When I was in 5th grade, my mom volunteered to chaperone a class field trip to Murphy’s Landing, a so-called “historical reenactment park” in Shakopee (SHAH-kə-pee), Minnesota, about an hour outside the Twin Cities. The $7 dollar admission got you through the gate into an old-timey town where failed actors dressed in chaps and linen dusters mimicked the motions of 19th century Minnesotan life, pumping well water into buckets, squeaking out Thoreau quotes on the schoolhouse chalkboard, sneaking behind the horse stables for a Camel Light or two. Girls had the opportunity to go into the adjacent field to do “squaw work,” a glorified and unmistakably racial term for scrounging around the bushes for strawberries. Boys could work the register at the General Store or brush, one at a time, the half-blind horse, James J. Hill, named after the famous railroad magnate, and sedated by the proverbial trough of half-eaten Twinkies proffered daily from small, sweaty hands.

If we lived in a world where logic prevailed, there should have been no drama whatsoever in Shakopee, the recreated or present day version. The leading cause of death among residents was unbroken boredom. Teachers in the Midwest picked field trip destinations as much for safety as for any learning potential. While my camp friends in the East got flown out to DC for class trips to the Lincoln Memorial, our typical field trip consisted of being shuttled to the school gym, where we sat passing around a box of croissants while Mrs. Luftsen played Edith Piaf and showed slides of the Eiffel Tower, asking us, “Can you just imagine?”

There are several schools of thought on how to teach history, how to make it “come alive” for the young minds of Generation Attention Deficit Disorder. Teacher handbooks are chock-full of exercises intended to Ouija up the dead past. Divide your students into two groups. Instruct one group to stay sat their desks and quietly complete an extra assignment, while the other group gets to go outside early for recess. Students will get a small taste of the injustice of American slavery through this exercise. Repeat the exercise the next day, switching the roles of the student groups. Lesson: It’s Much More Fun To Be A Slave Owner Than A Slave.

In the hippy-dippy private schools of the DC-area that educated some of my closest college friends, classrooms were morphed into grandiose courtrooms. Someone’s mom or dad who worked in the judicial system donated robes. From an eagle eye view, fifth graders took on the sophisticated air of a Thorne Miniature set, doll versions of Henry Billings Brown and John Marshall Harlan debating the boiled-down points of Plessy v. Ferguson. Later, the popular girls claimed “separate but equal” segregation when they locked the girls’ room door to gossip during lunch.

Living history.
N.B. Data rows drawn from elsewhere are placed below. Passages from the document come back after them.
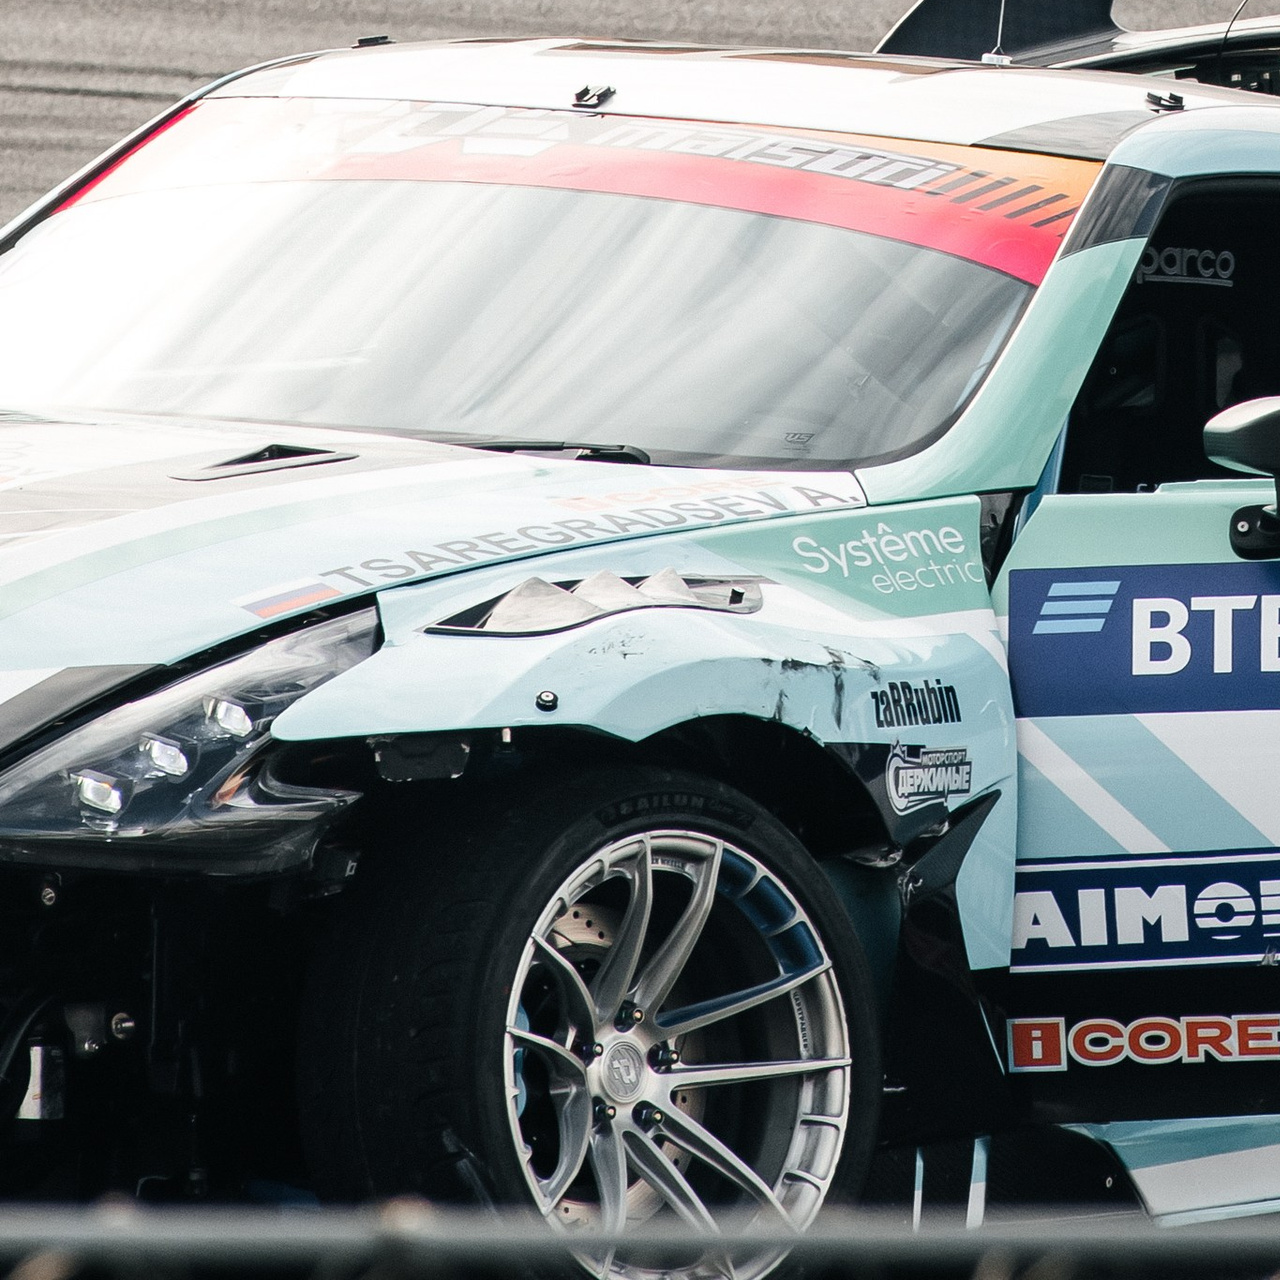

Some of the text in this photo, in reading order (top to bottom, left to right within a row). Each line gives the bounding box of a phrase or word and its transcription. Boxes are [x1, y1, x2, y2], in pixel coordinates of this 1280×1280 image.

[1137, 246, 1236, 284] parco
[319, 490, 790, 582] TSAREGRADSEV
[792, 522, 965, 577] Système
[872, 558, 983, 594] electric
[870, 678, 962, 728] zaRRubin
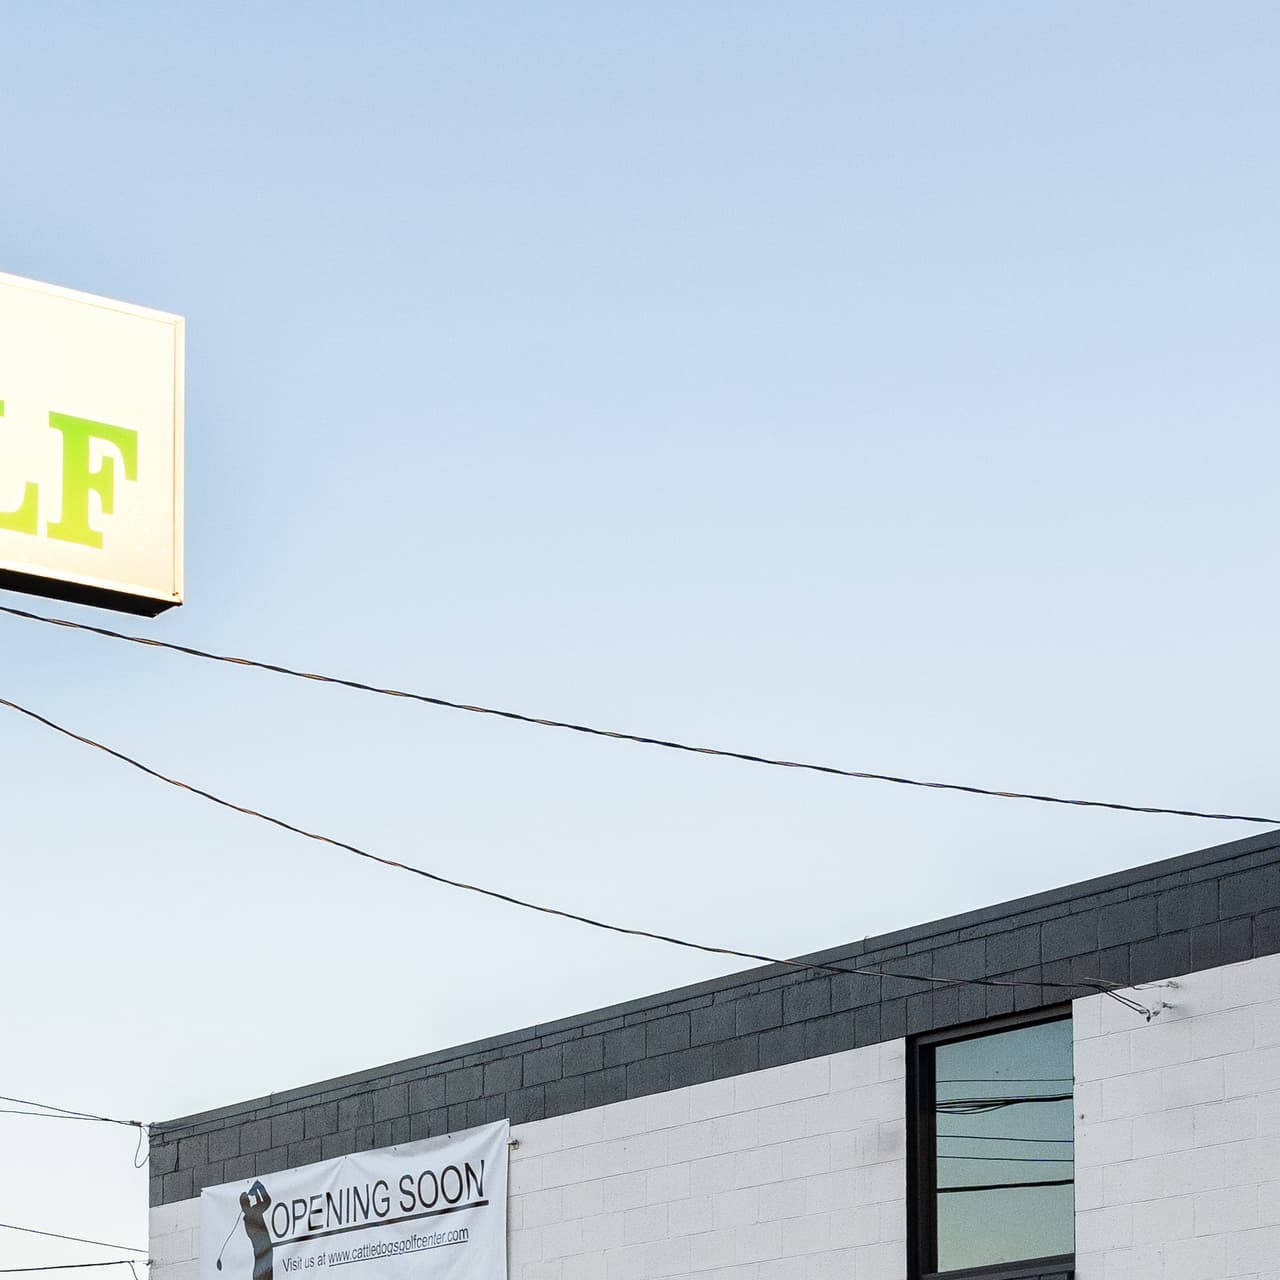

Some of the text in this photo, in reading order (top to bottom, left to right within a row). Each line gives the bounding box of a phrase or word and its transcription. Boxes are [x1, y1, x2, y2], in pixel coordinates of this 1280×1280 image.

[271, 1159, 485, 1239] OPENING SOON
[282, 1226, 469, 1273] Visit us at www.cattledogsgolfcenter.com
That’s the name of this movement in education. It’s the alternative to filing into a windowless maw, tornado-safe for the prairie landscape, and learning rote facts. Minnesota has 90,000 miles of shoreline, more than California, Florida, and Hawaii combined. The Hull-Rust mine in Hibbing became the largest open-pit mine in the world. Instead, truck your cherubic little butter queens and farm boys out to an ennobled slash fiction performance of Little Trailer Trash House on the Prairie. Usually it’s an appreciated lapse in the monotony of K-6 life, save for the rare times when it results in a somewhat embarrassing phobia of historically costumed men, encompassing all breeds from Shakespearean thespians to Civil War farbs.
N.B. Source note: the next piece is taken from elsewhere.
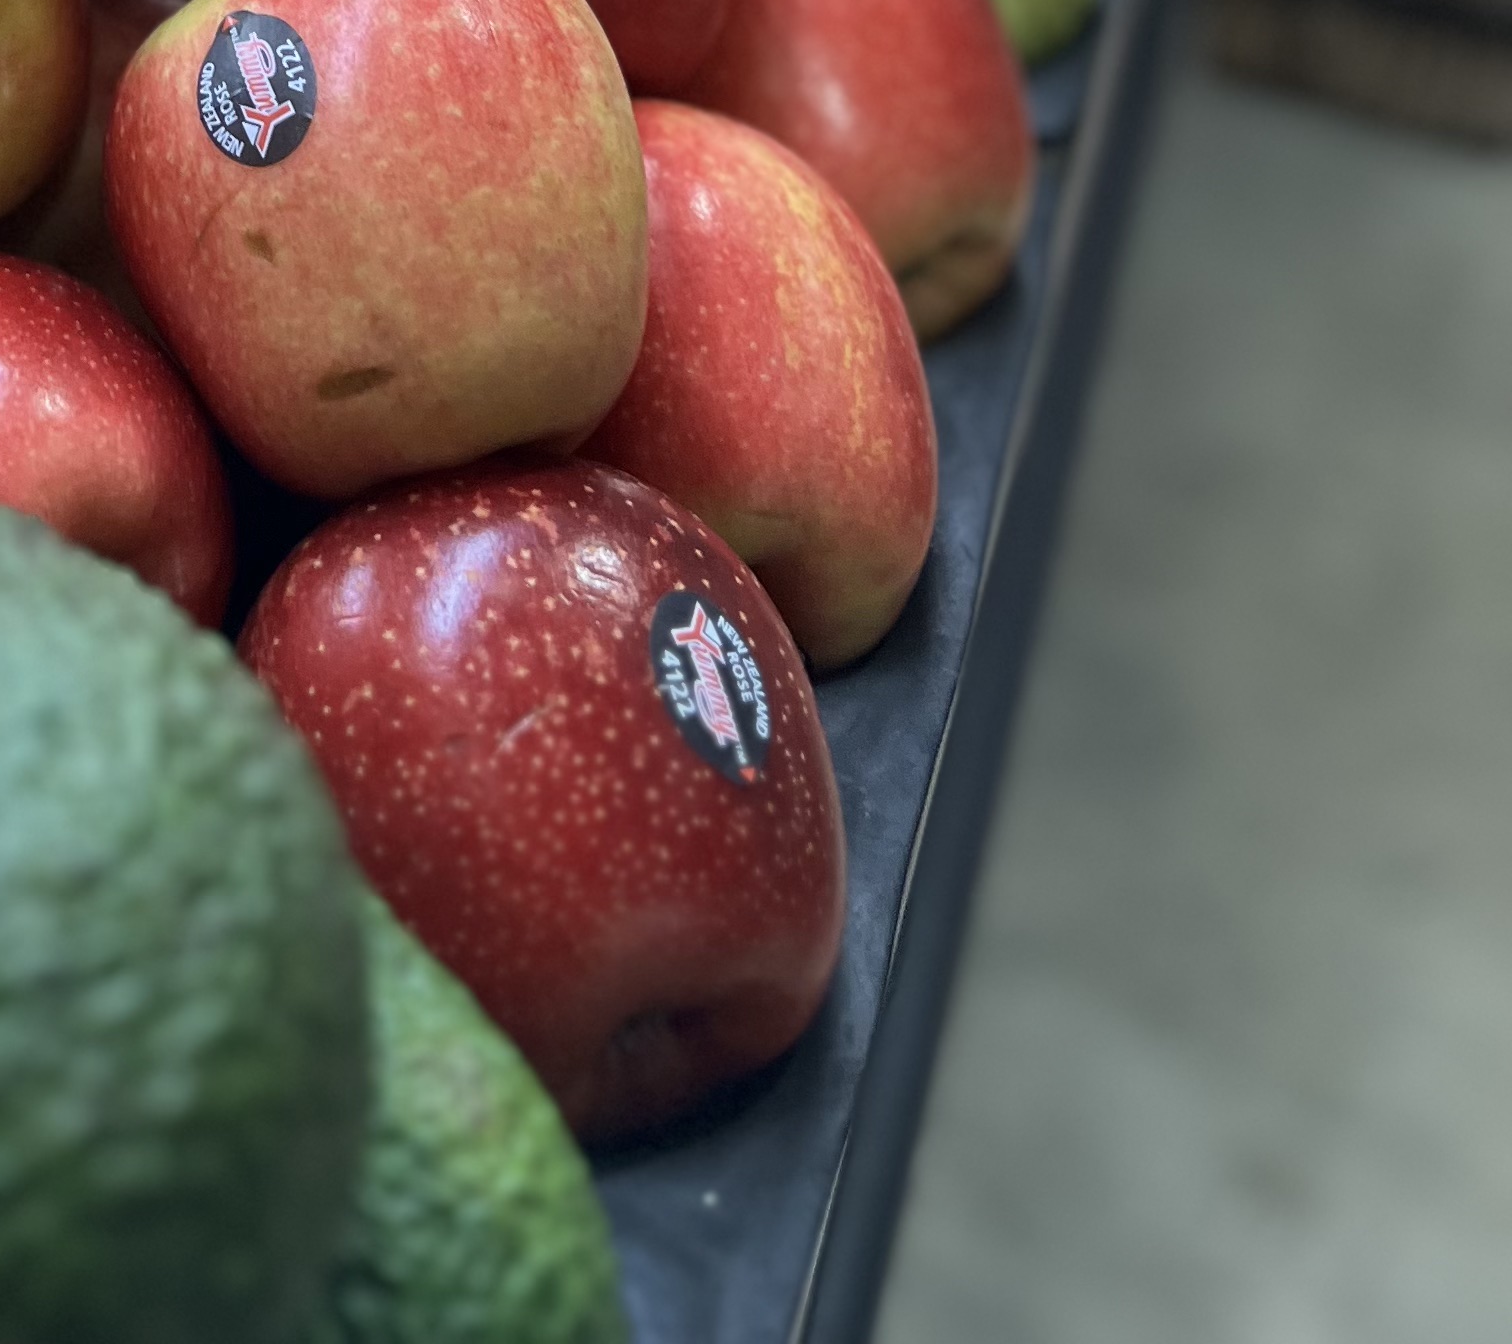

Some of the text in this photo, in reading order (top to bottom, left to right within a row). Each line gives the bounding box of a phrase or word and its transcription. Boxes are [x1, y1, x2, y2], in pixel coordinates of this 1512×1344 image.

Upon entering the Murphy’s Landing schoolhouse, before finding space on the splintering wooden benches, we were instructed to write our name in the ledger with a feather pen. The room was hot and buzzing with flies, much like the 19th century, I imagine. The schoolmaster in charge resembled Donal Logue, had Donal Logue made a few bad life choices, like maybe living in a tent outside his mother’s RV, importing Asian porn mags, and drinking himself to sleep on ethanol. My mom stood a few feet behind me as I wrote my name neatly in the ledger. When I finished I looked up to meet the bloodshot eyes of the schoolmaster crouching before me. His costume cravat was velcroed so loose in the back it hung on him like a necklace.

“Let me see your palms little lady,” he demanded in an affected British-Western accent, origin to this particular region of Minnesota unknown.

I extended my palms towards him. THWACK. There was a gust of air and a stinging sensation on my left palm. I looked down at the hand with which I had just gripped the feather pen. There was a ruler-width, lobelia-colored welt. It was throbbing.

My flabbergasted mom rushed to my defense.

“What in the heck is wrong with you? You just hit a child!”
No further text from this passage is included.